Patricia Vicka    •    Jumat, 14 Oct 2016 15:24 WIB
batik
Batik Yogyakarta Diburu Warga Rusia
Dubes RI untuk Rusia M. Wahid di kompleks Kepatihan Yogyakarta, Jumat (14/10/2016). Foto: Metrotvnews.com/Vicka

Metrotvnews.com, Yogyakarta: Kedutaan besar Indonesia untuk Rusia berencana menjalin kerja sama dengan Pemda DIY untuk meningkatkan pemasaran produk-produk khas Yogyakarta di Rusia. Kerja sama ini bertujuan untuk meningkatkan perdagangan bilateral antara Indonesia dengan Rusia.

Duta Besar Indonesia untuk Federasi Rusia dan Belarus, Mohammad Wahid Supriyadi, mengatakan kerajinan tangan dan Batik Yogyakarta banyak diminati warga Rusia. 
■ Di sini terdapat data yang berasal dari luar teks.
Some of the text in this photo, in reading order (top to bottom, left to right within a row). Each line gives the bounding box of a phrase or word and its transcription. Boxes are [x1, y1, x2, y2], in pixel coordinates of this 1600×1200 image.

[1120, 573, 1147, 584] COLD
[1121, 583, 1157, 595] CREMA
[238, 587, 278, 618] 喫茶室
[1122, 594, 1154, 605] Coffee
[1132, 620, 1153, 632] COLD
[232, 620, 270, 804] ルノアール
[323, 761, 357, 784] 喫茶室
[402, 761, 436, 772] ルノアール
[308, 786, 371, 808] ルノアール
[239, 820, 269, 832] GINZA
"Saya lihat produk kerajinan tangan terutama batik punya peluang besar di sana (Rusia). Bahkan di Kota Vladivostok dijual kerajinan tangan khas Indonesia termasuk batik dari seluruh Indonesia. Yang banyak dinikmati itu Batik dari Yogyakarta," tuturnya usai bertemu dengan Gubernur DIY Sri Sultan Hamengkubuwono X di kompleks Kepatihan Yogyakarta, Jumat (14/10/2016).
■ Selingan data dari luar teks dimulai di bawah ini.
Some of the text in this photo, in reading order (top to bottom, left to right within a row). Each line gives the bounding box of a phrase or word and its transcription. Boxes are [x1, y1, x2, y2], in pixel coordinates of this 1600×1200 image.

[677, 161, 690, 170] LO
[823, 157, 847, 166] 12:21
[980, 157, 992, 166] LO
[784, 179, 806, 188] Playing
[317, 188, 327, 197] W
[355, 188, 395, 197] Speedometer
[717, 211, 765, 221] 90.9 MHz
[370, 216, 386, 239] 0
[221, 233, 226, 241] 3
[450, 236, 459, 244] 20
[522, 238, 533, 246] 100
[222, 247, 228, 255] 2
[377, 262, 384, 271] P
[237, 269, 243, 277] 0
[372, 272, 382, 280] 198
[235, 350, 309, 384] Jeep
Ketertarikan warga Rusia pada batik terlihat dari penuhnya stan-stan batik dalam pameran-pameran international. Workshop membatik yang selama ini dilaksanakan KBRI di Rusia pun selalu dipenuhi peserta. "Mereka rela antre sampai dua hari untuk bisa ikut workshop membatik," tuturnya.

Dari segi corak, Wahid menjelaskan masyarakat Rusia sangat menyukai batik kontemporer yang memiliki corak tak terlalu ramai. Warna-warna yang disukai kebanyakan adalah warna alami dan lembut seperti biru indigo.
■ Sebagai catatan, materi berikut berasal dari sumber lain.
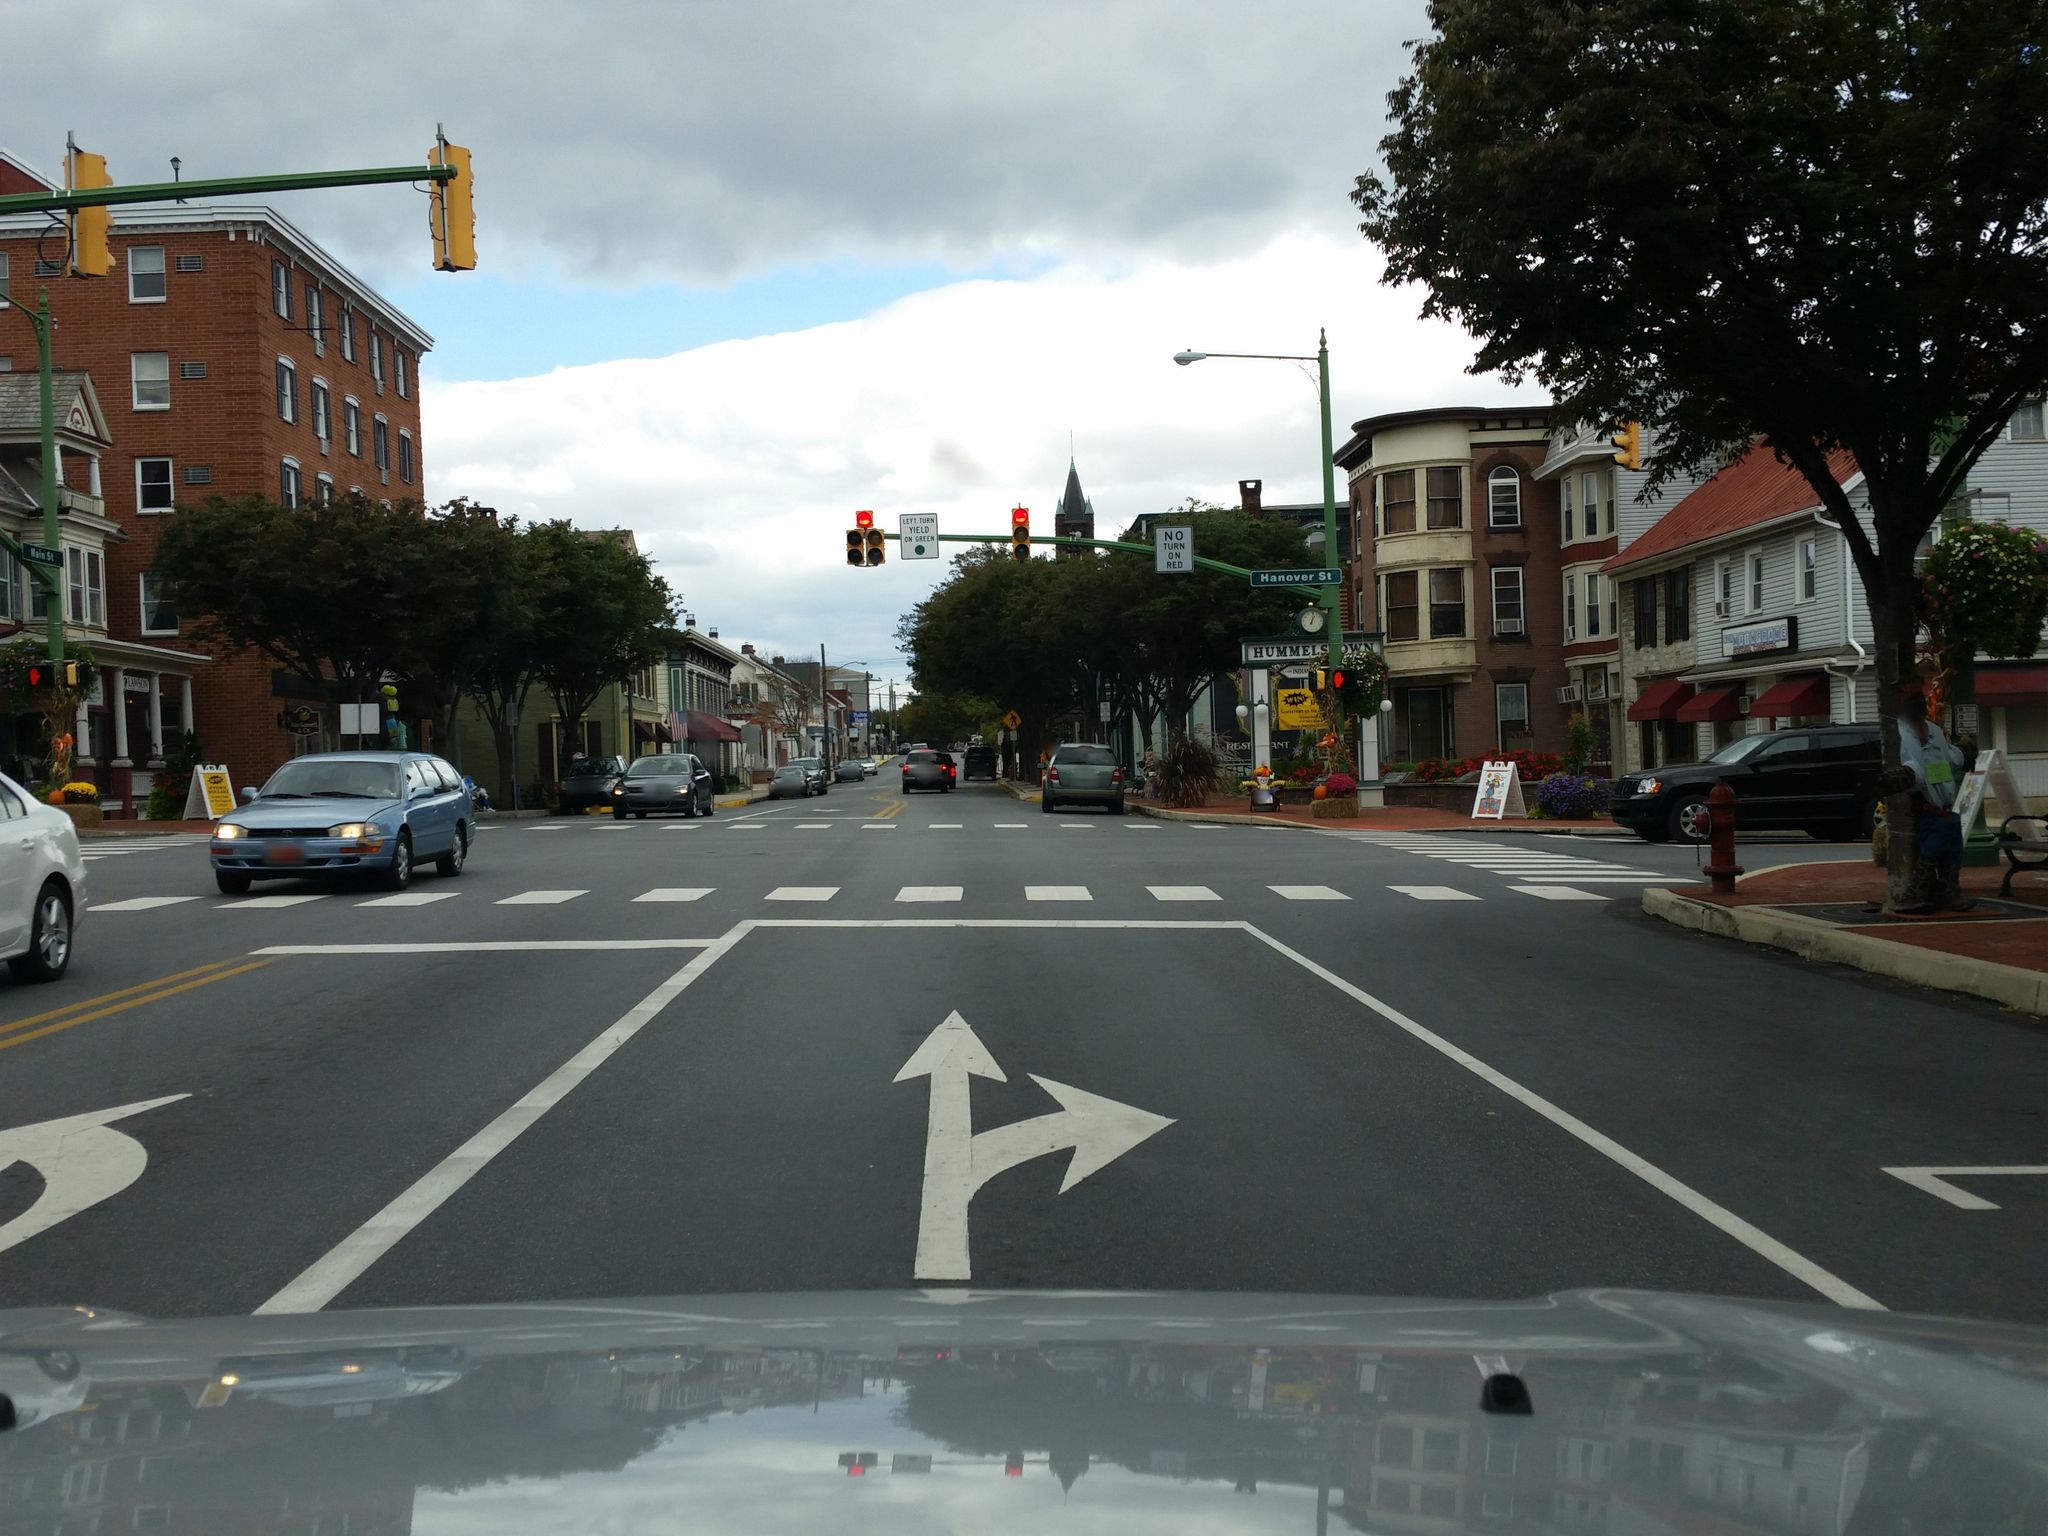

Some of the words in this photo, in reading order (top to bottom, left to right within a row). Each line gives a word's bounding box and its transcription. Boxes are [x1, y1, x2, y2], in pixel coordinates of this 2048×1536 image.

[902, 517, 916, 525] LEFT
[909, 526, 930, 534] YIELD
[1164, 530, 1184, 541] NO
[1164, 542, 1185, 551] TURN
[30, 547, 45, 560] Main
[46, 551, 55, 562] St
[1166, 561, 1183, 569] RED
[1260, 573, 1315, 582] Hanover
[1318, 571, 1332, 581] St
[1253, 643, 1374, 658] HUMMELSOWN
[1226, 741, 1290, 751] RESTANT
Selain itu, pihaknya tengah menjajal bisnis kuliner Indonesia di negeri beruang merah itu. Rencananya Kedutaan Besar Indonesia akan membangun pusat makanan khas Indonesia di daerah Food City Rusia. Sejumlah restoran makanan khas Indonesia akan dibangun di pusat distribusi makanan terbesar di Rusia itu.

"Kita sudah akuisisi lahan seluas 330 meter persegi di Food City. Makanan Yogyakarta nanti juga ada. Sementara baru satu pengusaha rumah makan Padang yang sudah tertarik mau investasi di sana," jelasnya.